Have Scholars Finally Identified the Mysterious Somerton Man?

New DNA analysis suggests a body found on a beach in Australia in 1948 belongs to Carl Webb, an electrical engineer from Melbourne

Illustration of Somerton Man's autopsy photo, overlaid on the "code" found in his copy of a Persian poetry book
Experts were unable to pinpoint a cause of death, but three medical witnesses who testified during an inquest into the Somerton Man case agreed that his passing “was not natural.”  Illustration by Meilan Solly / Photos via Wikimedia Commons under public domain

For decades, authorities, academics and the public alike have traded theories about the identity of the mysterious Somerton Man, whose body was found on a beach outside of Adelaide, Australia, on December 1, 1948. He was a Russian spy. A jilted lover poisoned by his paramour. A smuggler. A former ballet dancer.

The truth, however, is seemingly more mundane. As Hilary Whiteman reports for CNN, a new DNA analysis suggests the Somerton Man is Carl “Charles” Webb, an electrical engineer from Melbourne who vanished from the public record in April 1947.

Derek Abbott, a physicist and electronic engineer at the University of Adelaide, and Colleen Fitzpatrick, a forensic genealogist who specializes in using DNA to solve cold cases, identified the Somerton Man using hairs caught in his death mask. Though the state coroner has yet to confirm the pair’s findings, Abbott tells the Guardian’s Natasha May that “as a scientist,” he is confident in the accuracy of the analysis.

The Somerton Man
Despite authorities' efforts to publicize the case, no one was able to positively identify the Somerton Man. Public domain via Wikimedia Commons

“We’re just saying this is what the DNA tells us,” says Abbott to the New York Times’ Alan Yuhas. “It’s up to the cops to make the legal determination of who this guy was.”

To narrow down the pool of potential candidates, Abbott and Fitzpatrick plugged the Somerton man’s DNA into the genealogical research database GEDmatch. After finding a match to a distant cousin, the researchers constructed a family tree of some 4,000 people. They then used archival records to search for individuals whose biographies mirrored what was known about the Somerton Man. Webb, who was born in the Australian state of Victoria in 1905, fit the bill.

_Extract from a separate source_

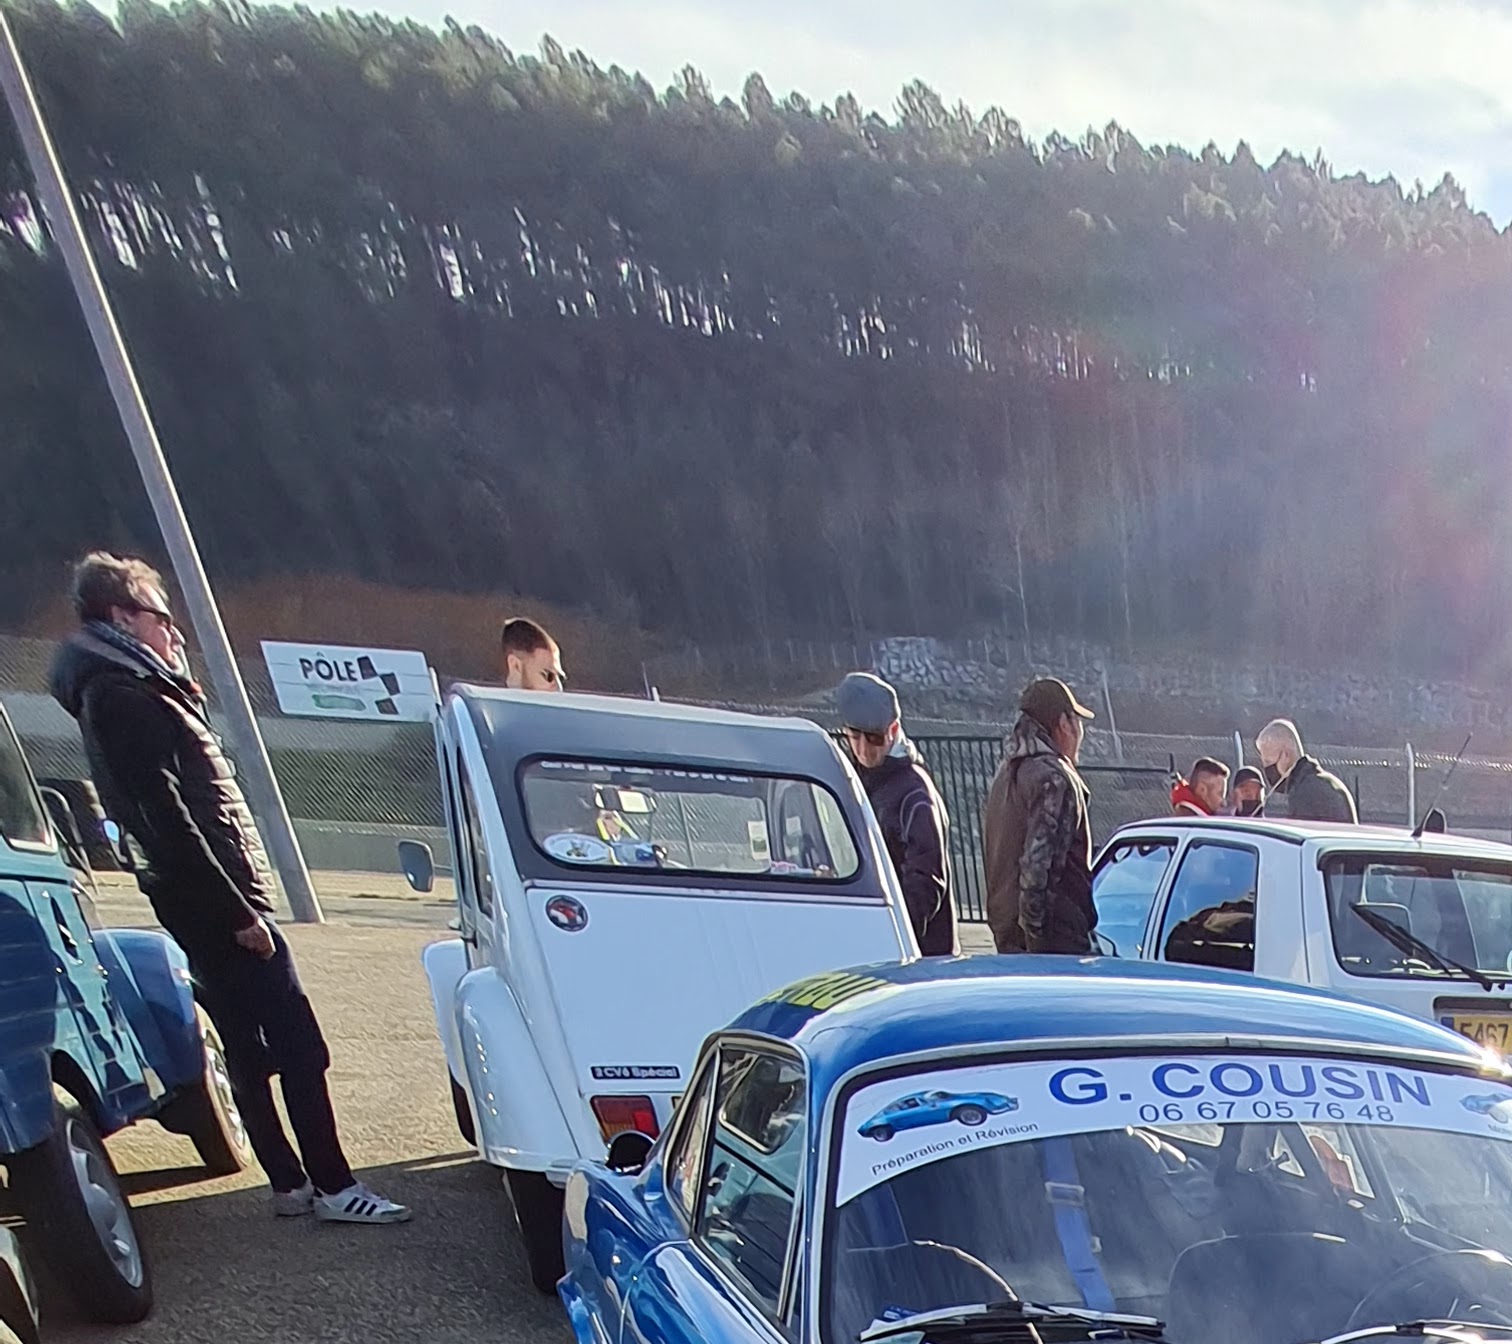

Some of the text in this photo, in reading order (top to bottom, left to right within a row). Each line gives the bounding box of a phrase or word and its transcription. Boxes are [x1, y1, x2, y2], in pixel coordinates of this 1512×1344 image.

“In all this soup and ocean of DNA cousins, we were able to connect one of them to Carl’s father and one of them to Carl’s mother,” Fitzpatrick tells the Times. “You really kind of narrow it down so much it could be any one of Carl’s siblings—but Carl is the one with no documented death.”

Discovering the Somerton Man

On the night of November 30, 1948, two separate couples noticed “a smartly dressed man lying on the sand, his head propped against a sea wall,” according to Smithsonian magazine’s Mike Dash. Dismissing the enigmatic figure as a drunk or a soundly sleeping beachgoer, the couples made no effort to approach him.

Police arrived on the scene the following morning after receiving reports of a dead body on Somerton Beach. Per a 1949 inquest report, a doctor who examined the Somerton Man’s remains placed his time of death around 2 a.m. The 5-foot-11, 40- to 50-year-old man carried no money or identification. In fact, all of the tags on his clothing had been deliberately removed. Tucked in his pockets were cigarettes, matches, a pack of Juicy Fruit gum, a used bus ticket, an unused train ticket and two hair combs.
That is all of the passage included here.